- Born: 1922
- Died: 2002 (aged 79–80)
- Allegiance: Sri Lanka
- Branch: Royal Ceylon Navy (1950–1970); Royal Ceylon Volunteer Naval Force (1941–1950);
- Service years: 1941–1970
- Rank: Rear Admiral
- Commands: Captain of the Royal Ceylon Navy
- Conflicts: World War II
- Awards: Member of the Royal Victorian Order; Burma Star;

= Rajan Kadirgamar =

Rear Admiral Rajanathan Kadirgamar, MVO (born 1922, date of death unknown) was a Ceylonese flag officer. He was the second Ceylonese Captain of the Royal Ceylon Navy from 1960 to 1970 and as such the longest serving Commander of the Navy.

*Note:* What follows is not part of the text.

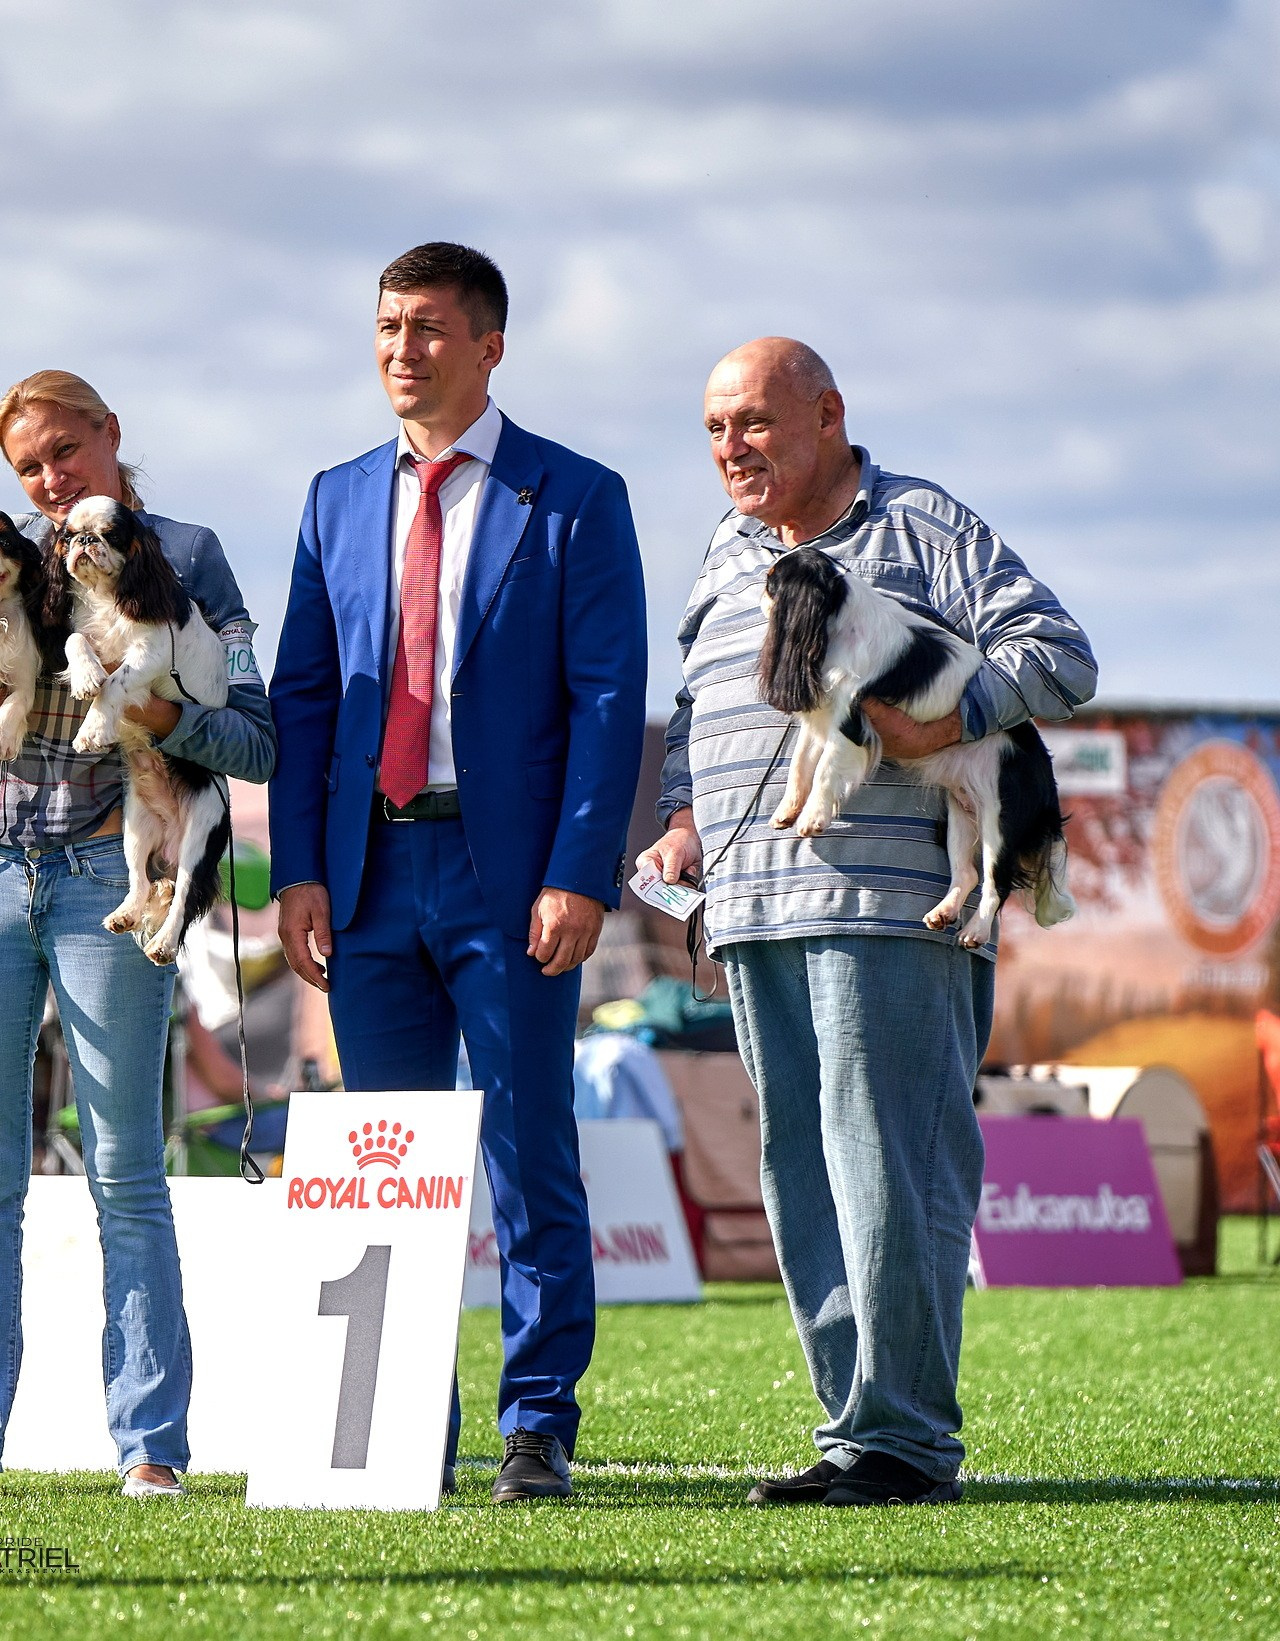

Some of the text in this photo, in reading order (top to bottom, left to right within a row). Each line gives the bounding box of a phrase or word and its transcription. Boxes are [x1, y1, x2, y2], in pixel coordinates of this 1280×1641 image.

[288, 1176, 463, 1210] ROYAL CANIN
[980, 1182, 1152, 1234] Eukanuba
[318, 1245, 392, 1469] 1
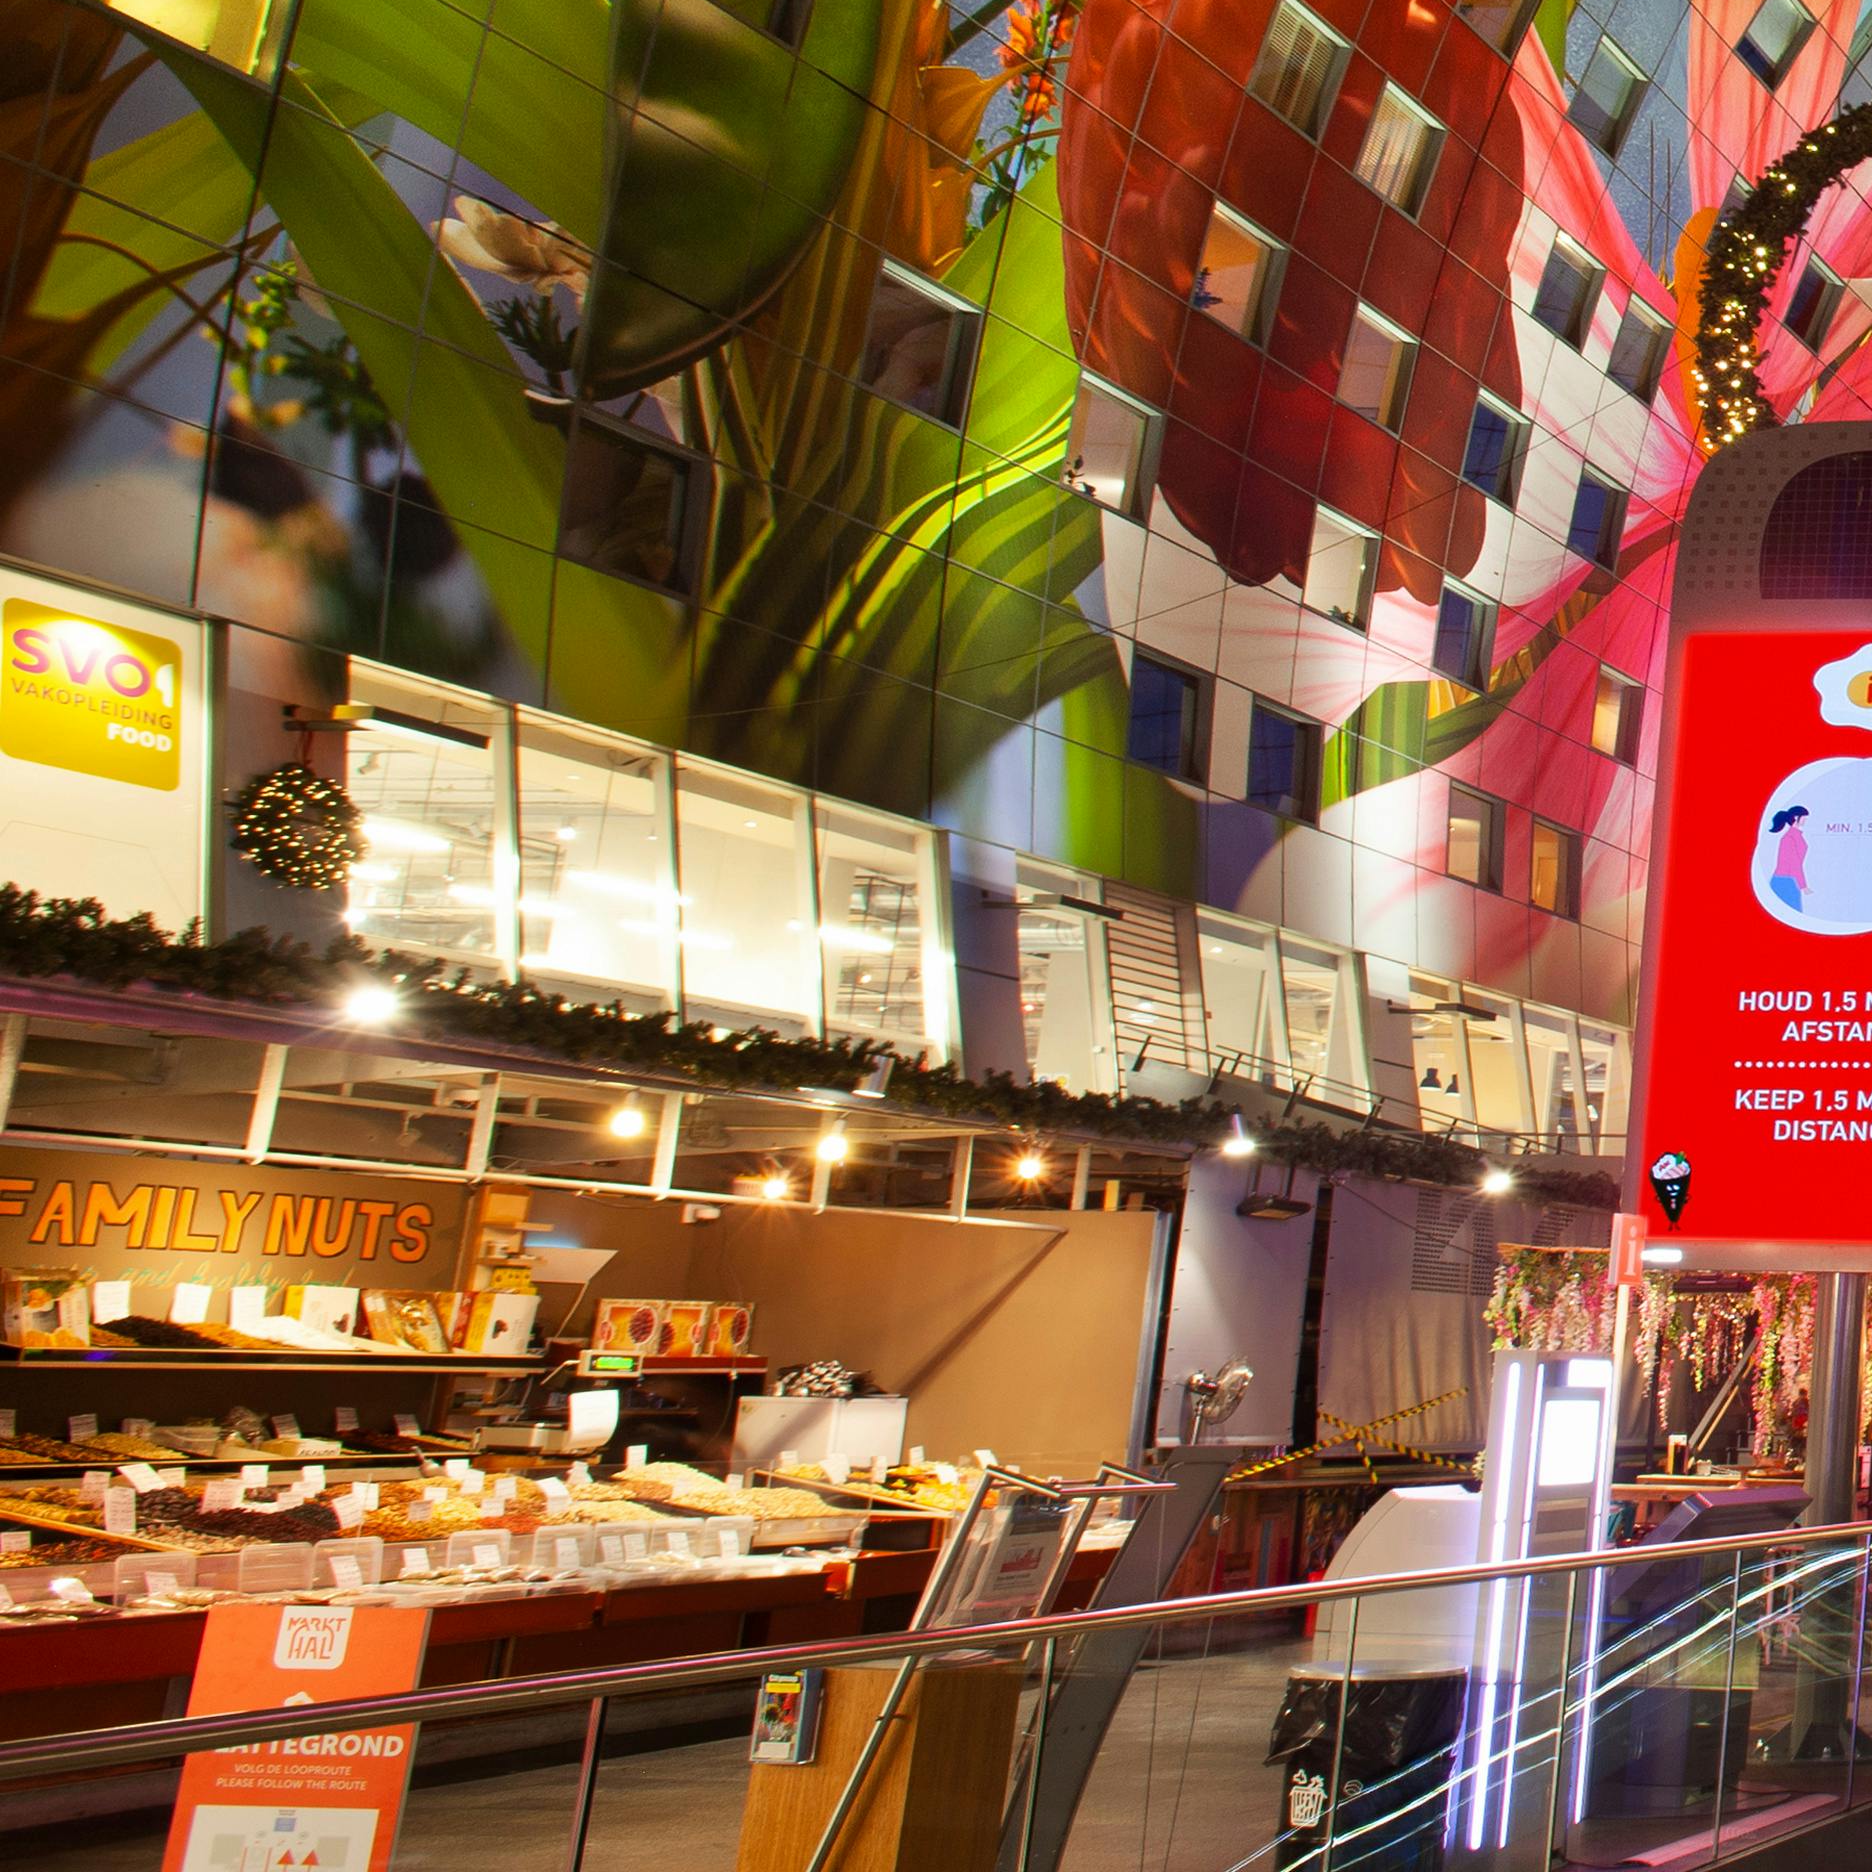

Kadirgamar died prior to 2002.

==Early life and education==
Born to a Tamil Protestant Vellala family with deep roots in Jaffna, his father was Samuel J.C.Kadirgamar Sr, JP, UM a Proctor, who was the President of the Colombo Proctor's Association and the founder President of the Law Society of Ceylon and Edith Rosemand Parimalam Mather. He had four siblings, his elder brother S.J.C.Kadirgamar Jr., QC became an eminent lawyer; his younger brothers were Major Selvanathan "Bai" Kadirgamar, who served as the Deputy Assistant Quartermaster-General (DAQMG) of the Ceylon Army; Thirumalan "Mana" Kadirgamar a planter who died in a motor accident very young and the youngest was Lakshman Kadirgamar, PC, who became the Minister of Foreign Affairs. Kadirgamar was educated at Royal College, Colombo, where he was the senior sergeant of the cadet contingent and played rugby in the annual Bradby Shield Encounter.

==Naval career==
=== Ceylon Naval Volunteer Force===
With the outbreak of World War II, Kadirgamar joined the Ceylon Naval Volunteer Force as a cadet officer. He completed his officer training winning the Sword of Honour as top of his batch at the passing out parade at Trincomalee, in 1941. He was thereafter commissioned as a probationary sub lieutenant in the Ceylon Royal Naval Volunteer Reserve (CRNVR) on 1 January 1942 and was attached to the Royal Navy for the duration of the war. During war he served on board ships of the Eastern Fleet and saw action off the coast of Burma. Following the general demobilization at the end of the war Kadirgamar, who was now a lieutenant, remained in the CRNVR and in 1946 led the CRNVR's contingent in the victory parade in London. In 1949, he was promoted to the rank of lieutenant commander.

===Royal Ceylon Navy===
With the formation of the Royal Ceylon Navy in 1950, he switched to a regular commissioned with the rank of lieutenant commander. In 1951, he was appointed commanding officer of HMCyS Vijaya, the first ship of the new navy, which became its flagship. He also served as extra aide-de-camp to the Governor-Generals Lord Soulbury and Sir Oliver Goonetilleke. Taking successive commands at sea and in shore establishments of the now growing navy, he served as Staff Officer Plans at naval headquarters. Promoted to commander in 1955, he served as Commander Northern Area and Commanding Officer, HMCyS Elara; Chief of Staff and was promoted to the rank of captain in 1959.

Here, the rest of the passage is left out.